§ **EXERCISE DATA**
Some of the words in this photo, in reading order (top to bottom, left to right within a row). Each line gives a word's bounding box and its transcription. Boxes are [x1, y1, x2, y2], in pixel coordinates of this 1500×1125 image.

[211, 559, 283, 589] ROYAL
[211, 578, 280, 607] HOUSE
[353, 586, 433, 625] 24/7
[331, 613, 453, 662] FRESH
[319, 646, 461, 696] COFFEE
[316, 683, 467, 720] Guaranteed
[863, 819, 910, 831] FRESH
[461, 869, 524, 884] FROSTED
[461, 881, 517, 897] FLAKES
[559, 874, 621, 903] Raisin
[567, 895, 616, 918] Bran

§ **WHAT TO PRODUCE**
Every entry above must appear again in the reply, exactly as it stands.

§ **RESULT OF THE TASK**
Some of the words in this photo, in reading order (top to bottom, left to right within a row). Each line gives a word's bounding box and its transcription. Boxes are [x1, y1, x2, y2], in pixel coordinates of this 1500×1125 image.

[211, 559, 283, 589] ROYAL
[211, 578, 280, 607] HOUSE
[353, 586, 433, 625] 24/7
[331, 613, 453, 662] FRESH
[319, 646, 461, 696] COFFEE
[316, 683, 467, 720] Guaranteed
[863, 819, 910, 831] FRESH
[461, 869, 524, 884] FROSTED
[461, 881, 517, 897] FLAKES
[559, 874, 621, 903] Raisin
[567, 895, 616, 918] Bran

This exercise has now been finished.